In questi ultimi mesi molte cose sono accadute nel mondo. Ancora, non è calato il bisogno di urlare e plasmare la strada che il suono emesso deve indicare e percorrere nell’aria, tra noi, attraverso il mondo. Ovunque andiamo a zonzo con la mente, dai continenti nuovi e vecchi, americani, africani, eurasiatici, oceanici, dalle acque alle terre emerse sino alle stelle, pare proprio che non ci siano segni di una prossima fine del sogno.
Si continua a gettare uno sguardo oltre le montagne che circondano lo spazio in cui si vive, siano esse catene interne o esterne; si continua a tremare per un amore o un dolore, una gioia o una delusione infinita. Davanti alla pianura aperta quanto davanti al muro invalicabile della paura, della diversità, non si può non scendere a patti con la propria passione. La sensazione nuda che si prova non può mentire: ripartiamo da questo livello improvviso e incontrollato, svisceriamone le ragioni e l’orizzonte, portiamolo in superficie e riappropriamoci del luogo e del tempo della nostra vita costruendo ponti tra le profondità dell’io e le tante comunità che pulsano nella società.

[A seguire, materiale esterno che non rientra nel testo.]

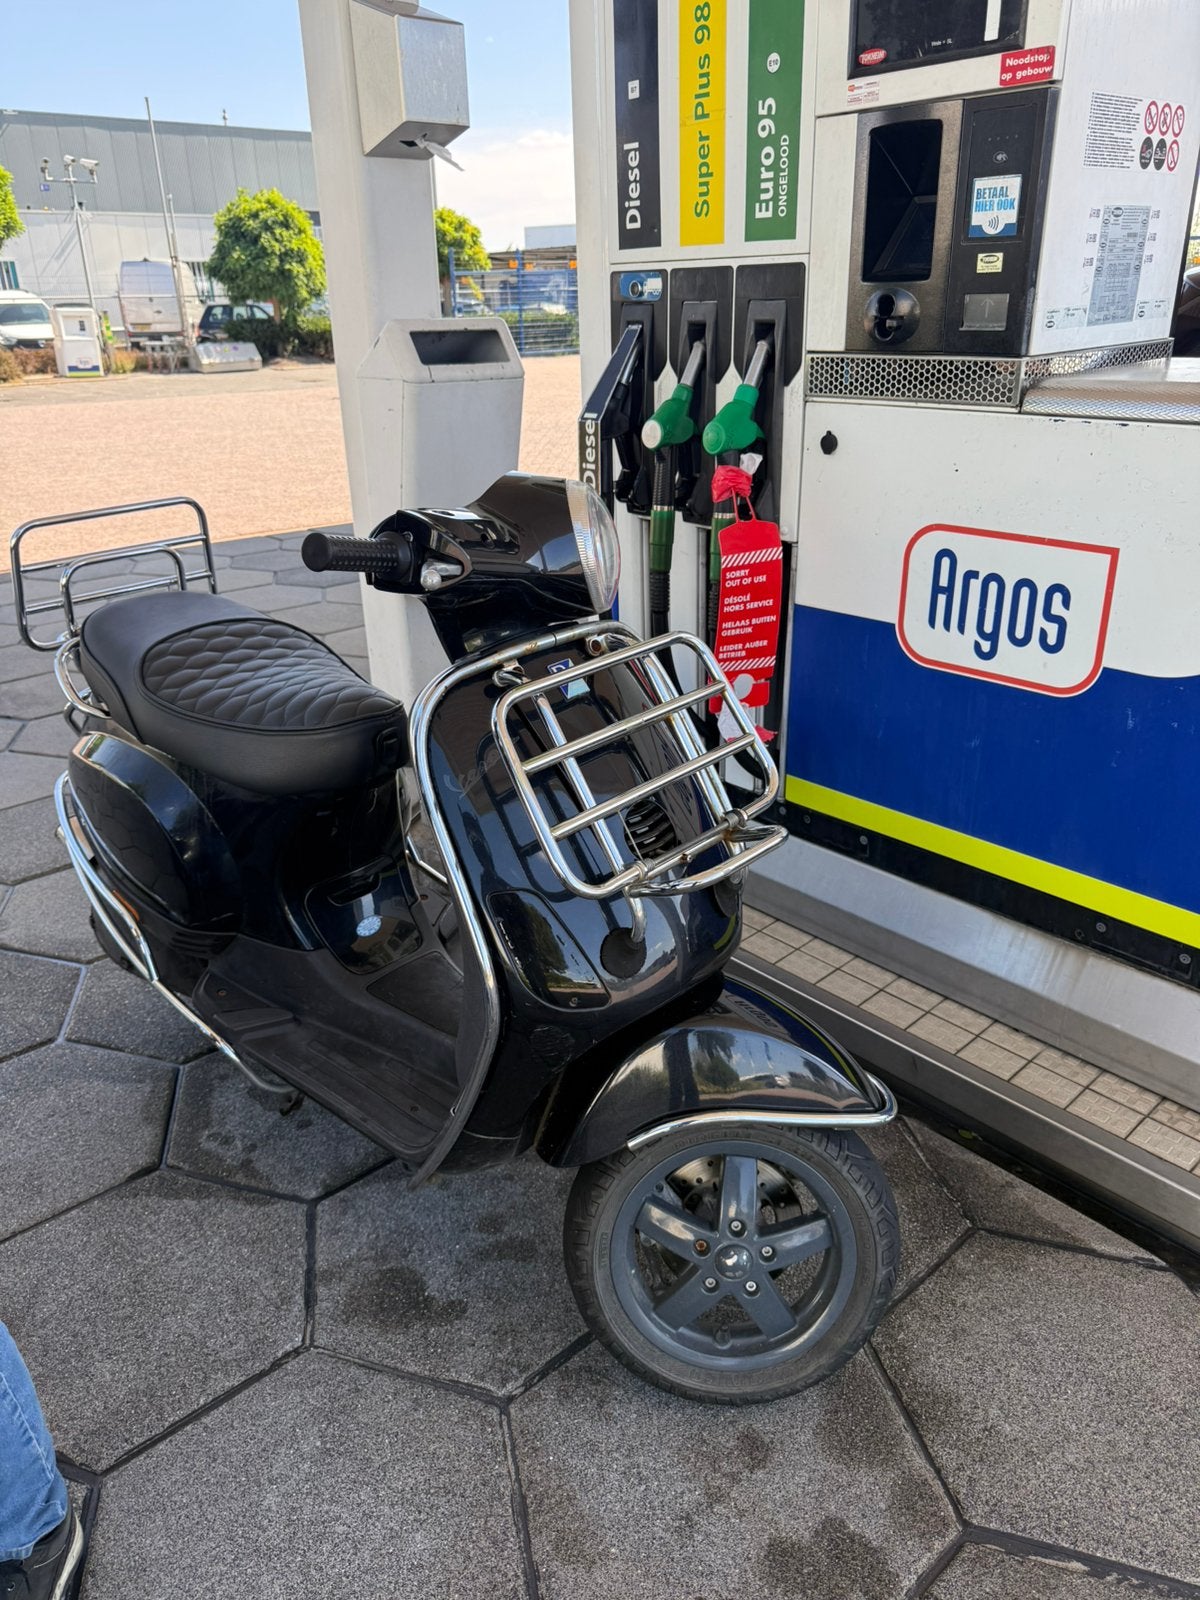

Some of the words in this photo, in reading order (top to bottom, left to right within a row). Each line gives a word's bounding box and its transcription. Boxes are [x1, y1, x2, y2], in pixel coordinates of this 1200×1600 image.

[694, 1, 711, 44] 98
[768, 58, 779, 67] E10
[1006, 54, 1050, 67] Noodstop
[1001, 72, 1013, 81] op
[1016, 65, 1053, 79] gebouw
[694, 53, 711, 120] Plus
[758, 97, 777, 139] 95
[694, 131, 714, 218] Super
[778, 134, 789, 217] ONGELOOD
[623, 141, 642, 230] Diesel
[755, 146, 775, 219] Euro
[976, 186, 1009, 200] BETAAL
[974, 200, 994, 212] HIER
[996, 198, 1015, 211] OOK
[725, 569, 749, 579] SORRY
[725, 578, 741, 588] OUT
[742, 576, 752, 585] OF
[753, 575, 767, 583] USE
[724, 593, 750, 604] DÉSOLÉ
[928, 548, 1072, 661] Argos
[723, 603, 745, 613] HORS
[746, 599, 773, 609] SERVICE
[722, 619, 750, 629] HELAAS
[751, 616, 776, 625] BUITEN
[721, 626, 753, 637] GEBRUIK
[719, 643, 743, 652] LEIDER
[718, 650, 746, 660] BETRIEB

La storia dell’umanità è fatta di muri, che separano laddove ogni speranza di convivenza è sepolta e impraticabile, senza compiere sforzi per perseguirla. Così ora si dice che c’è bisogno nuovamente di muri, così da aspettare un prossimo tentativo di contatto che resterà disatteso. Viene il sospetto che i ponti preesistenti siano stati smantellati e che quelli che si provano a costruire restino a metà, incompiuti. Quanto siamo presenti davanti ai nostri problemi e ai problemi della collettività? Sono prodotti della stessa fattura, giacché se mettessimo un neonato in una stanza buia per sempre, non avrebbe una memoria culturale, non saprebbe i colori, la differenza tra giorno e notte, avrebbe altri problemi di quelli che ogni giorno affrontiamo nel cuore. I nostri crucci sono risultati sociali, i nostri interessi orientati dalla società. Possiamo impaludarci nella testardaggine individualista, ma anche i nostri pensieri sono culturalmente condizionati e influenzati. Siamo destinanti a vivere in comunità, a misurarci con l’alterità.

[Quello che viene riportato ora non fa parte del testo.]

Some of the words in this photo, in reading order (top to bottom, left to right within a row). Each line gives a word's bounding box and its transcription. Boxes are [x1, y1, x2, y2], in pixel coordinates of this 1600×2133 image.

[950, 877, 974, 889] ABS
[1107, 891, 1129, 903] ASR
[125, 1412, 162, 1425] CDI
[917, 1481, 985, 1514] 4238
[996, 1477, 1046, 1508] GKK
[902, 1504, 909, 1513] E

La scrittura si pone sulla soglia, nel mezzo, tra l’io e il collettivo, vuole sondare quanto si estende la pianura, quanto è alto il muro, quanto profondo e ponderato deve essere lo sguardo per valicare i confini e mettere insieme una dopo l’altra una serie di mattoni utili a dare forma a un ponte. La scrittura è un compendio inesauribile da scoprire e da completare, per attraversare il mondo dove anche in questi ultimi mesi sono accadute molte cose e dove si accatastano emozioni contrastanti, spettri nucleari, surriscaldamenti imminenti.
Andiamo alla ricerca della verità e sappiamola con coraggio confutare innanzi alla prova dell’esperienza; osserviamo, cerchiamo di declinare i principi ideali e i sogni con l’azione. Nell’urlo vi è già in stato embrionale la possibilità di una svolta, e allora pensiamo. I saggi orientali dicevano che tutto ciò che siamo sorge con i nostri pensieri, con i nostri pensieri costruiamo il nostro mondo. Tra un pensiero e la sua traduzione in espressione, la distanza è breve.

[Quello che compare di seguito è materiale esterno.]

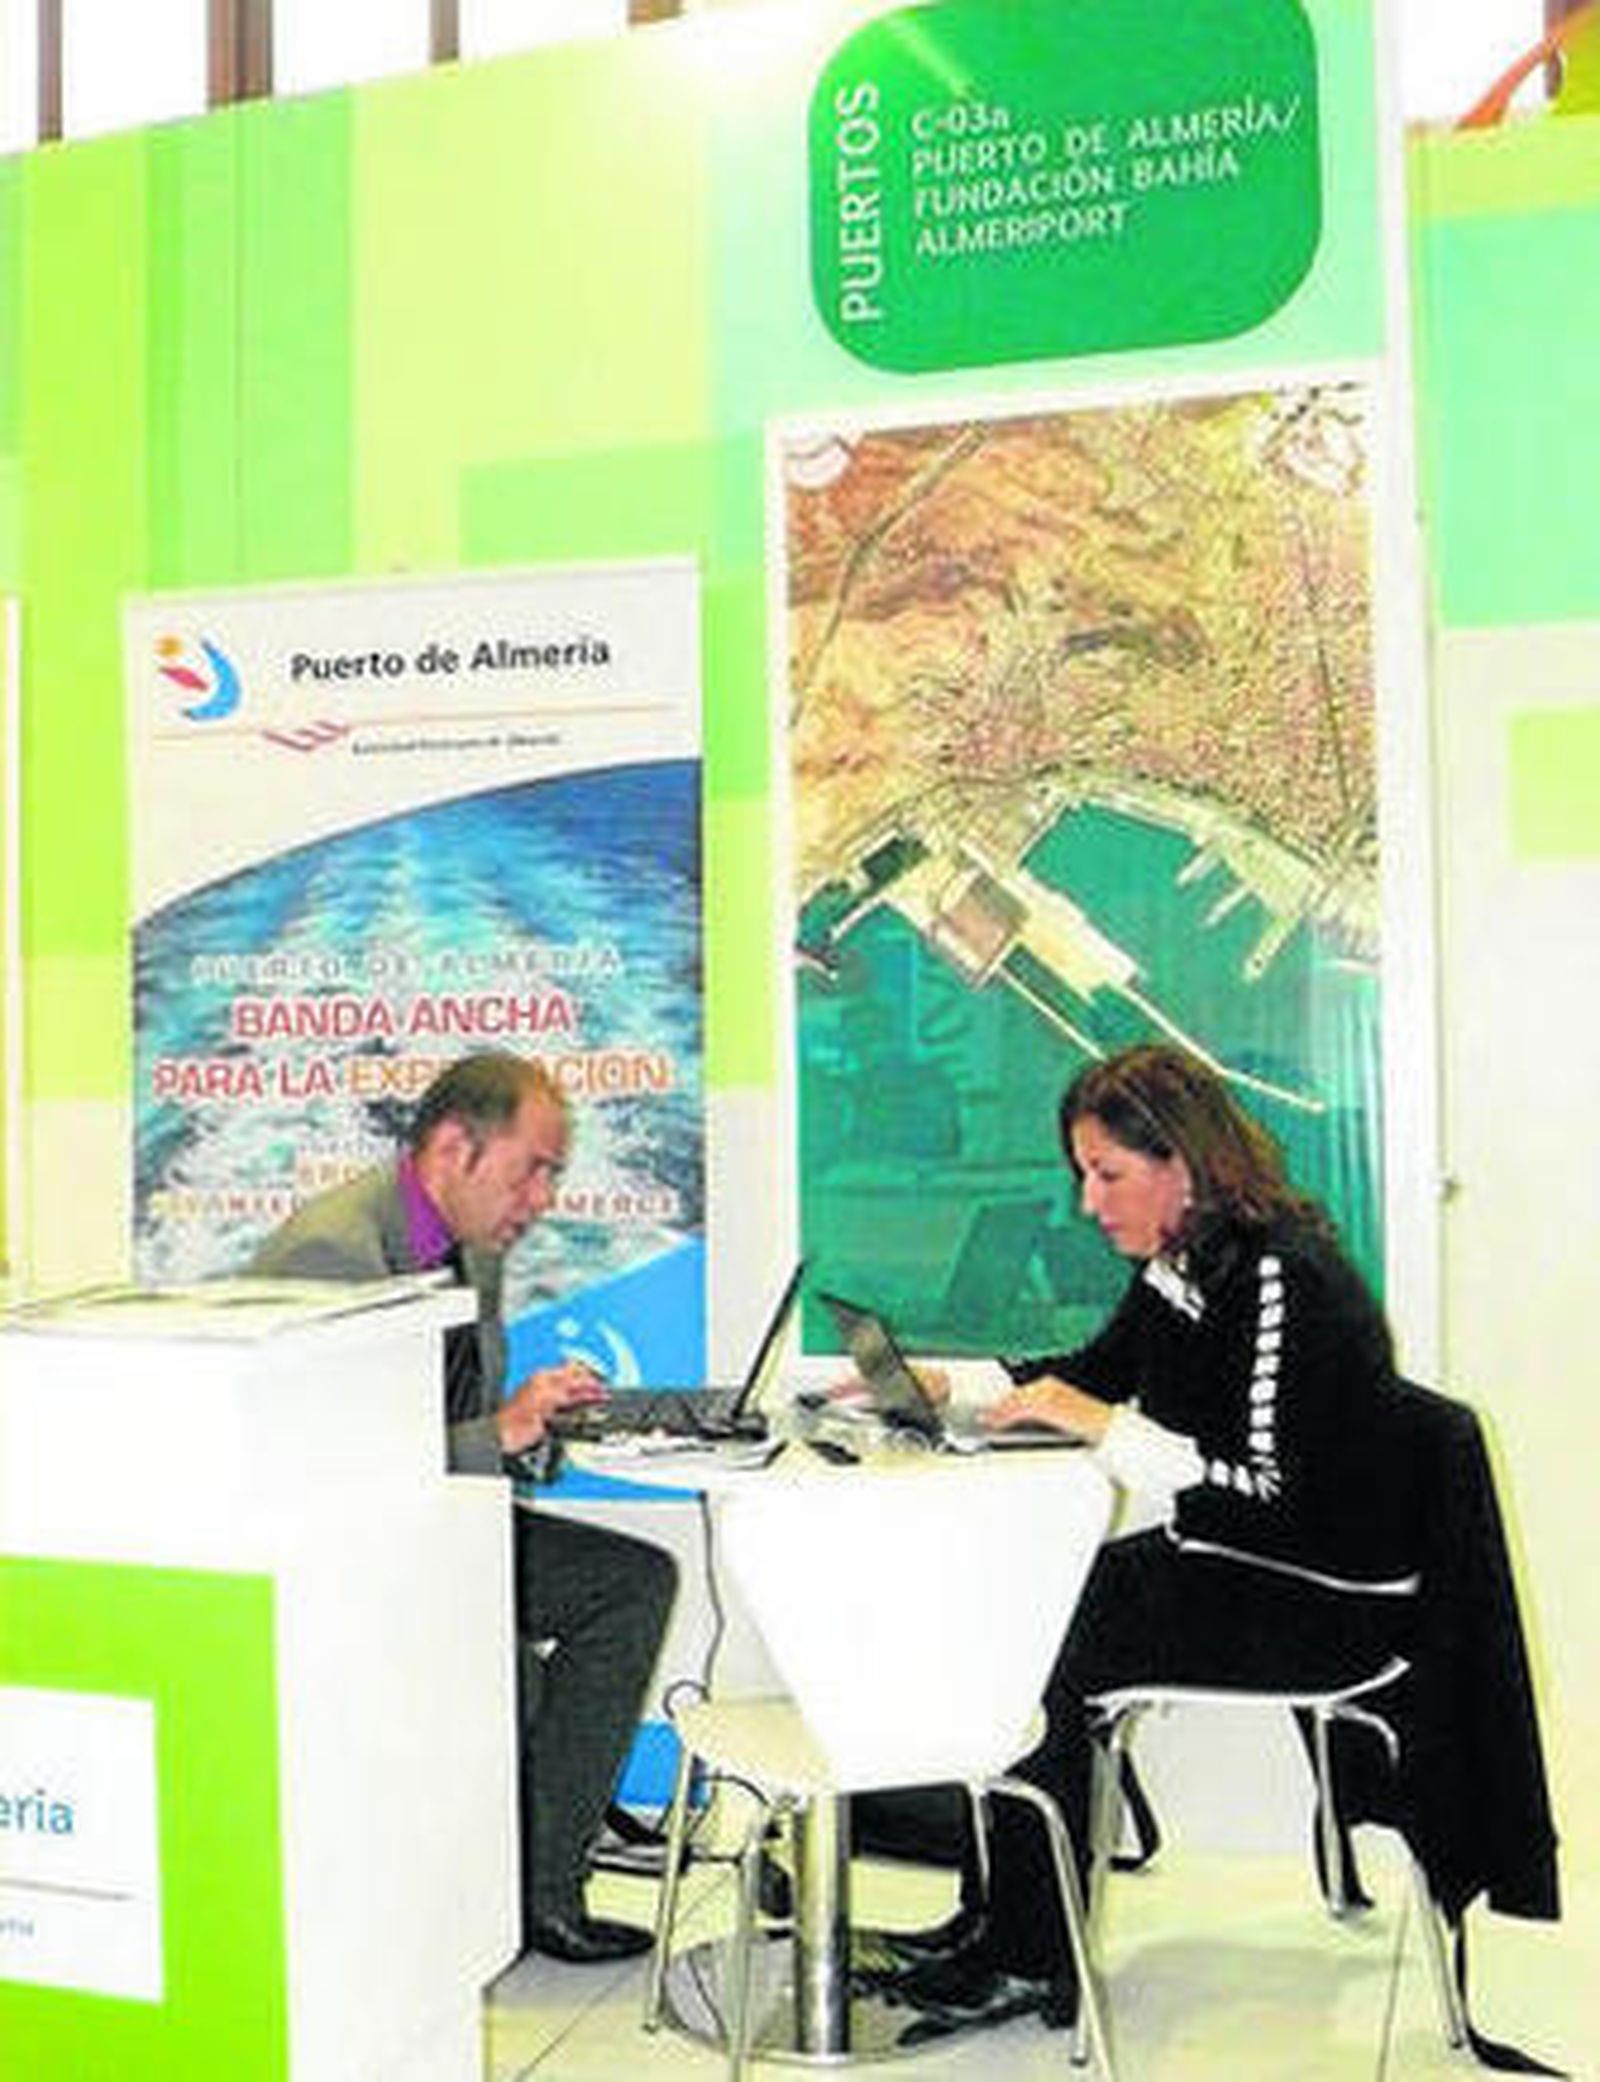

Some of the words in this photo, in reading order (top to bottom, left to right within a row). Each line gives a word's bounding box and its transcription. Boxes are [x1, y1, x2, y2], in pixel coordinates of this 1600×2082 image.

[913, 133, 1048, 178] PUERTO
[1064, 125, 1109, 157] DE
[1132, 143, 1241, 190] BAHÍA
[835, 82, 882, 323] PUERTOS
[915, 203, 1130, 255] ALMERIPORT
[290, 650, 407, 684] Puerto
[415, 643, 460, 675] de
[233, 998, 394, 1039] BANDA
[408, 995, 575, 1035] ANCHA
[152, 1060, 263, 1099] PARA
[279, 1057, 335, 1098] LA

Da qui si riparte per scoprire i principi ideali e si guarda a sogno e al presente che avanza con il racconto di un attimo, nella foresta, vissuto da un padre e una madre: “Un giorno, guardarono nelle ombre e cantarono piano una canzone alla notte. Diceva: ‘Sogna per il mio bambino, così un giorno avrà il potere’”.
Scriviamo, sogniamo e viviamo per il futuro che arriva, per le radici che ci sostengono, per gli incontri che faremo “come se vivessimo per sempre, come se dovessimo morire oggi” disse una volta un amico comune.